An Evolving Digital Privacy Landscape—Comparing the Federal Bill C-27’s CPPA to Quebec’s Bill 64

Introduction

The Act to modernize legislative provisions as regards the protection of personal information[1] (“Bill 64”) received royal assent on September 22, 2021, introducing amendments to the privacy regime and the framework governing the use and collection of personal information (“PI”) by public and private sector privacy laws in Quebec. Meanwhile, on June 16, 2022, the federal government introduced three new acts under Bill C-27, An Act to enact the Consumer Privacy Protection Act, the Personal Information and Data Protection Tribunal Act and the Artificial Intelligence and Data Act and to make consequential and related amendments to other Acts (or Digital Charter Implementation Act, 2022) (“Bill C-27”).[2] Part 1 of Bill C-27 enacts the Consumer Privacy Protection Act (“CPPA”),[3] which is the federal government’s latest attempt to modernize the current federal private sector privacy law and a federal equivalent to Bill 64. Bill C-27’s CPPA is the second attempt at reforming federal privacy law in Canada. It shares much of its substance with the Liberal government’s first attempt, Bill C-11, which was introduced in Parliament in November 2020. Bill C-11 died on the order paper when the 2021 general election was called. We compared C-11 to C-27 in a previous post, which can be viewed here.
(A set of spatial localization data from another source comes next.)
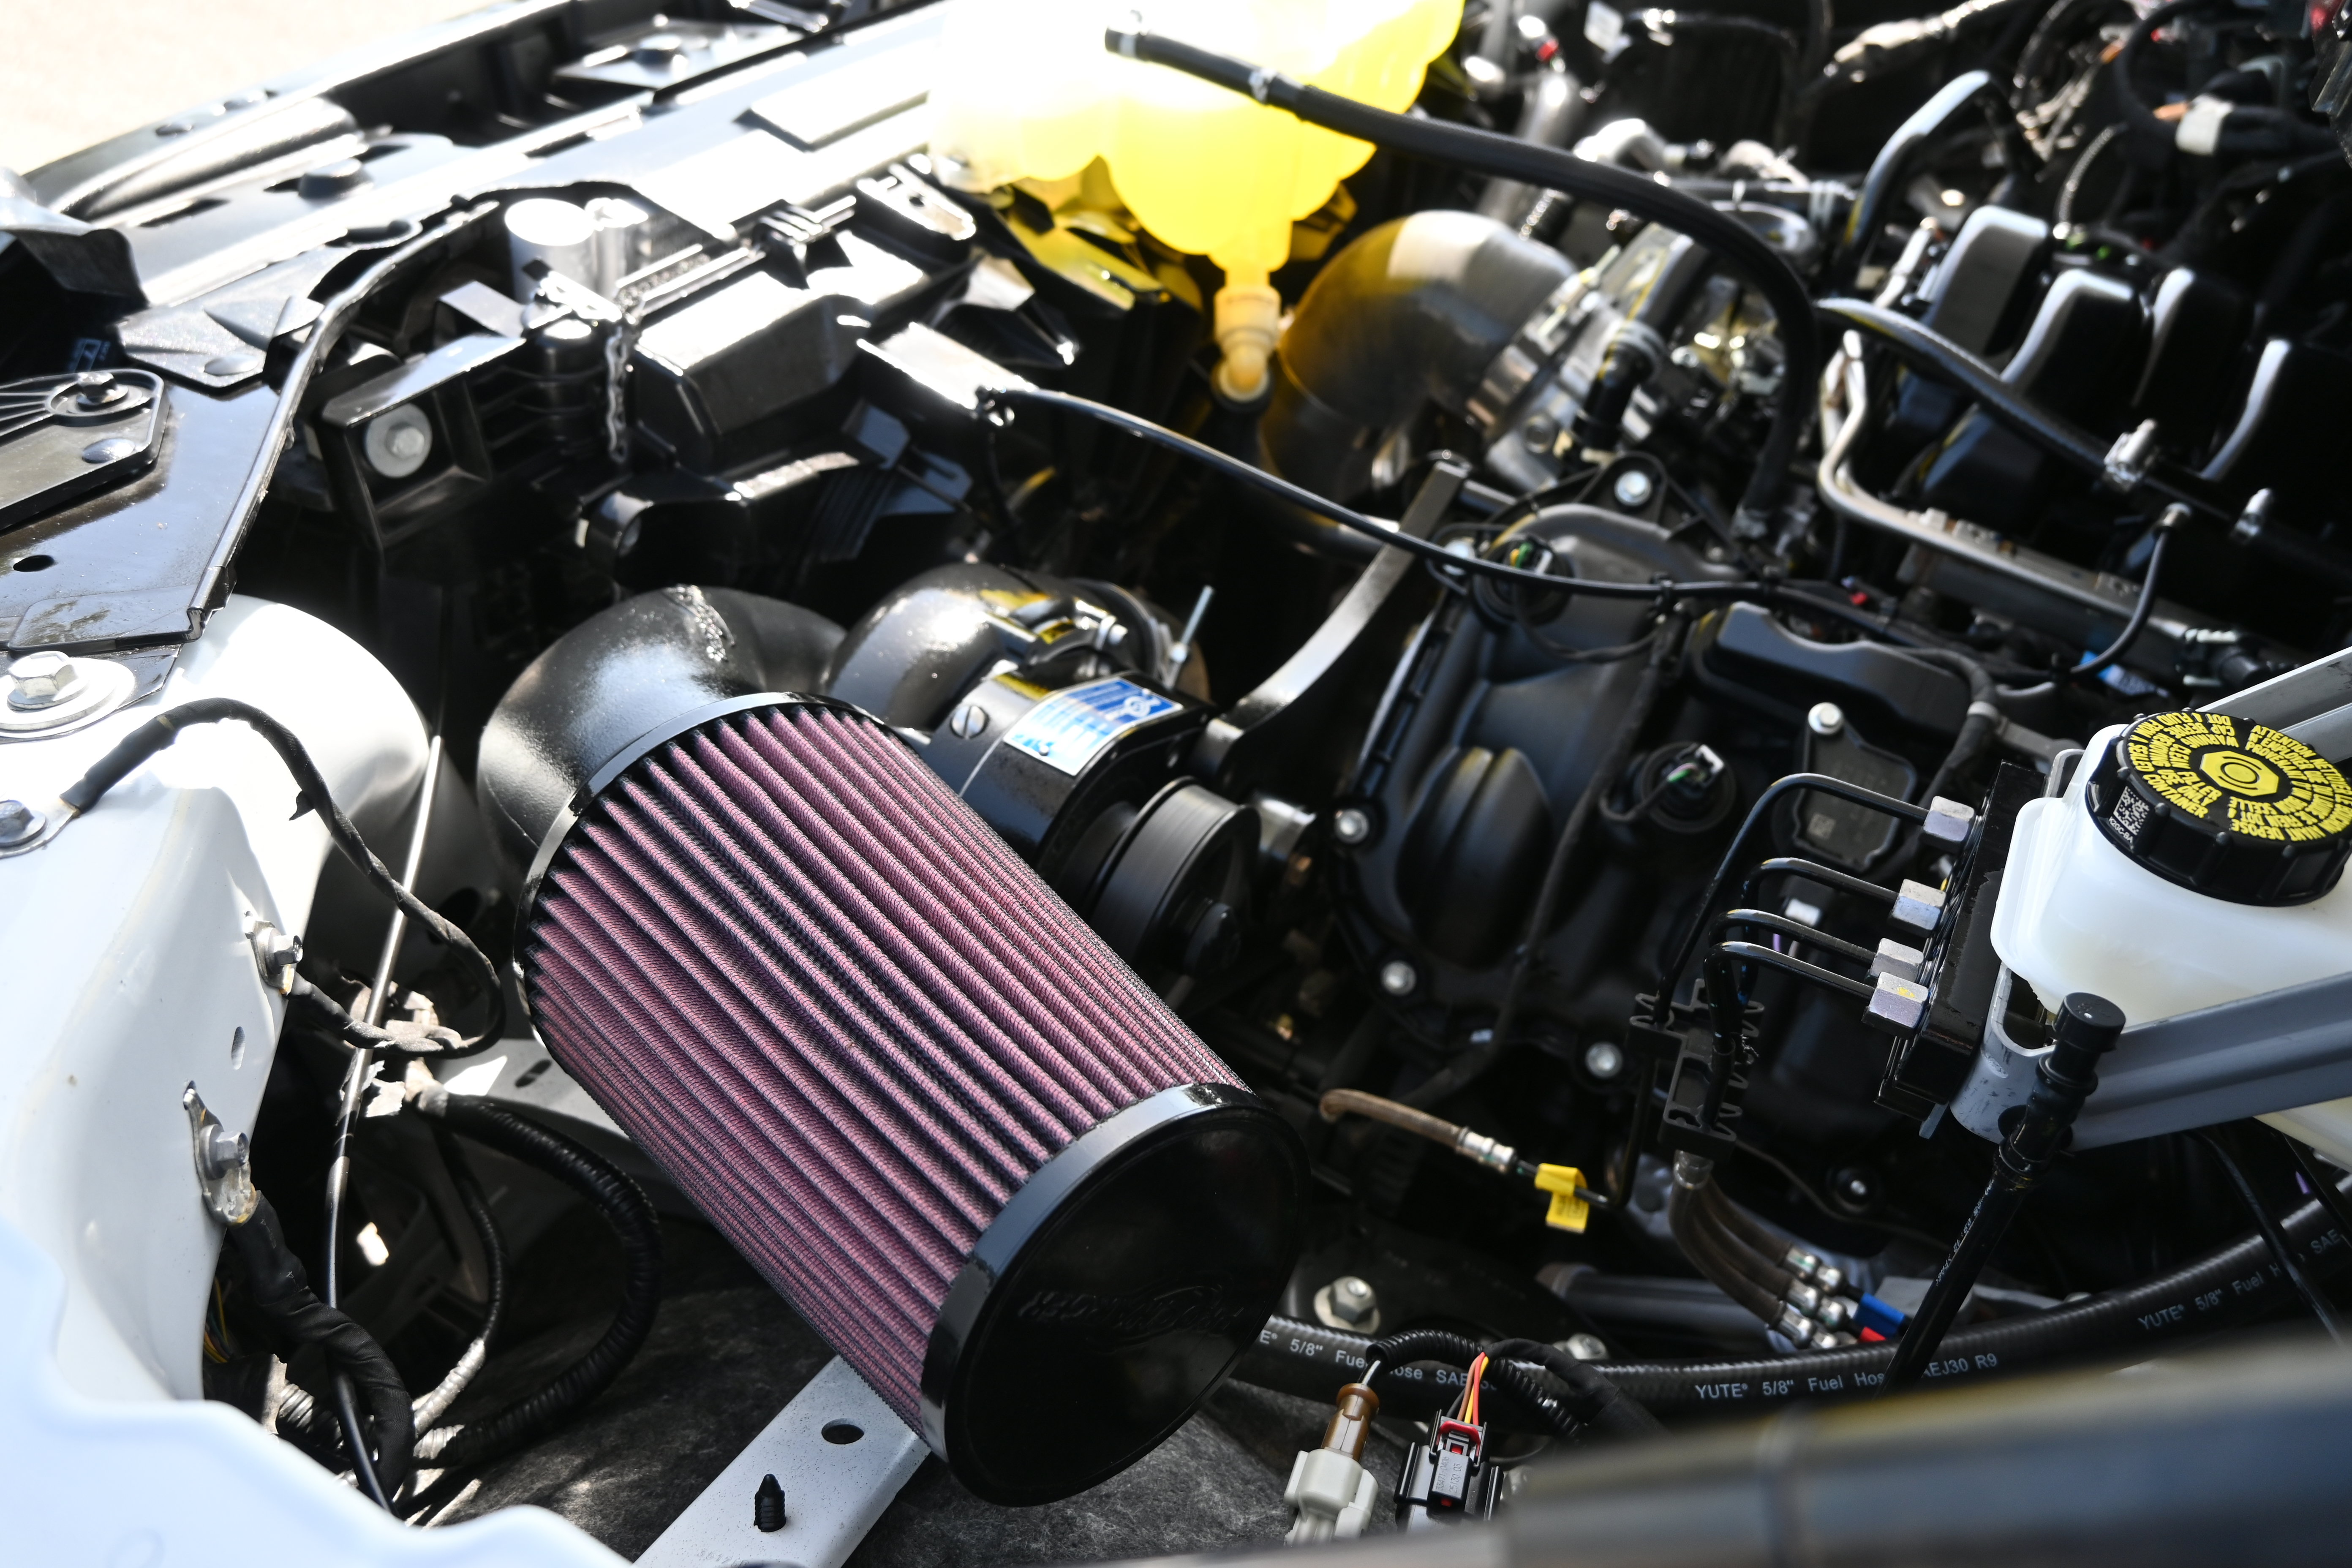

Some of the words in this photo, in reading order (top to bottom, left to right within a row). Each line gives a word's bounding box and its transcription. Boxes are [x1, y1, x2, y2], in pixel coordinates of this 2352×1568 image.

[2134, 719, 2164, 738] FROM
[2156, 713, 2193, 725] FLUID
[2205, 713, 2231, 726] DOT
[2129, 735, 2149, 743] A
[2163, 722, 2209, 739] BEFORE
[2211, 724, 2235, 736] CAP
[2149, 733, 2175, 767] REMOVING
[2180, 734, 2239, 748] WARNING
[2251, 725, 2316, 757] ATTENTION
[2128, 743, 2154, 772] SEALED
[2169, 744, 2191, 769] CLEAN
[2245, 741, 2308, 780] PROVENANT
[2157, 770, 2185, 785] USE
[2177, 772, 2222, 800] FILLER
[2303, 770, 2329, 784] QUE
[2143, 774, 2208, 818] CONTAINER
[2177, 786, 2213, 806] ONLY
[2228, 796, 2278, 814] SCELLE
[2240, 811, 2265, 825] DOT
[2230, 819, 2285, 841] DEPOSE
[2231, 1271, 2265, 1296] Fuel
[1335, 1350, 1367, 1368] Fue
[1390, 1367, 1423, 1380] ose
[1763, 1379, 1794, 1395] 5/8"
[1808, 1375, 1843, 1392] Fuel
[1854, 1372, 1885, 1386] Hos
[1974, 1353, 1998, 1369] R9
The federal CPPA shares many similarities with the amendments introduced by Quebec’s Bill 64 (We refer to the as amended Quebec private-sector privacy law as Bill 64 throughout this article for simplicity). Both laws look to overhaul and modernize privacy laws to strengthen protections for consumers and create steep penalties for the misuse of PI by businesses. However, there are also significant differences in the scope of each regime and the type of activities covered.

In this high-level overview, we discuss some of the key similarities and differences between the two laws. We note, however, that the CPPA is likely to undergo changes as it makes its way through the legislative process, including industry consultation.

Scope and application

Both Bill 64 and the CPPA have a broad scope and apply to businesses and other organizations that collect and use PI.

Bill 64 applies to PI that is collected, held, used or communicated to third parties within the context of an enterprise.[4] The CPPA has a similarly broad scope, with its provisions applying to virtually any private-sector organization that collects, uses, or discloses PI (but, because of the federal division of powers, only applies to employees and job applicants of a federal work, undertaking or business).[5] The CPPA has a provision that will allow the federal government to make an order that will exempt the legislation’s applicability to organizations that exist within provinces that have substantially similar legislation.[6]

Additionally, both regimes clearly exclude anonymized data.

Governance and Operations

Governance Framework

Bill 64 requires enterprises to implement governance policies and practices which ensure the protection of PI.[7] In particular, these policies and practices must:

  • provide a framework for the retention and destruction of PI;
  • define the roles and responsibilities of the members of its personnel throughout the life cycle of PI;
  • provide a process for dealing with complaints regarding the protection of PI;
  • be proportionate to the nature and scope of the enterprise’s activities; and be approved by the person in charge of the protection of PI.[8]

Bill 64 further requires enterprises to publish detailed information about those policies and practices on their website or by any other means.[9]

Similarly, the CPPA requires every organization to implement a privacy management program (“PMP”) to comply with its obligations.[10] In particular, the PMP must address and ensure:

  • the protection of PI;
  • how requests for information and complaints are received and dealt with;
  • the training and information provided to the organization’s staff respecting its policies, practices and procedures; and
  • the development of materials to explain the organization’s policies and procedures. [11]

The CPPA requires the organization to provide the Privacy Commissioner of Canada (“Commissioner”) access to the policies, practices and procedures that are included in its PMP,[12] and the Commissioner may provide guidance or corrective measures to the PMP after reviewing it.[13]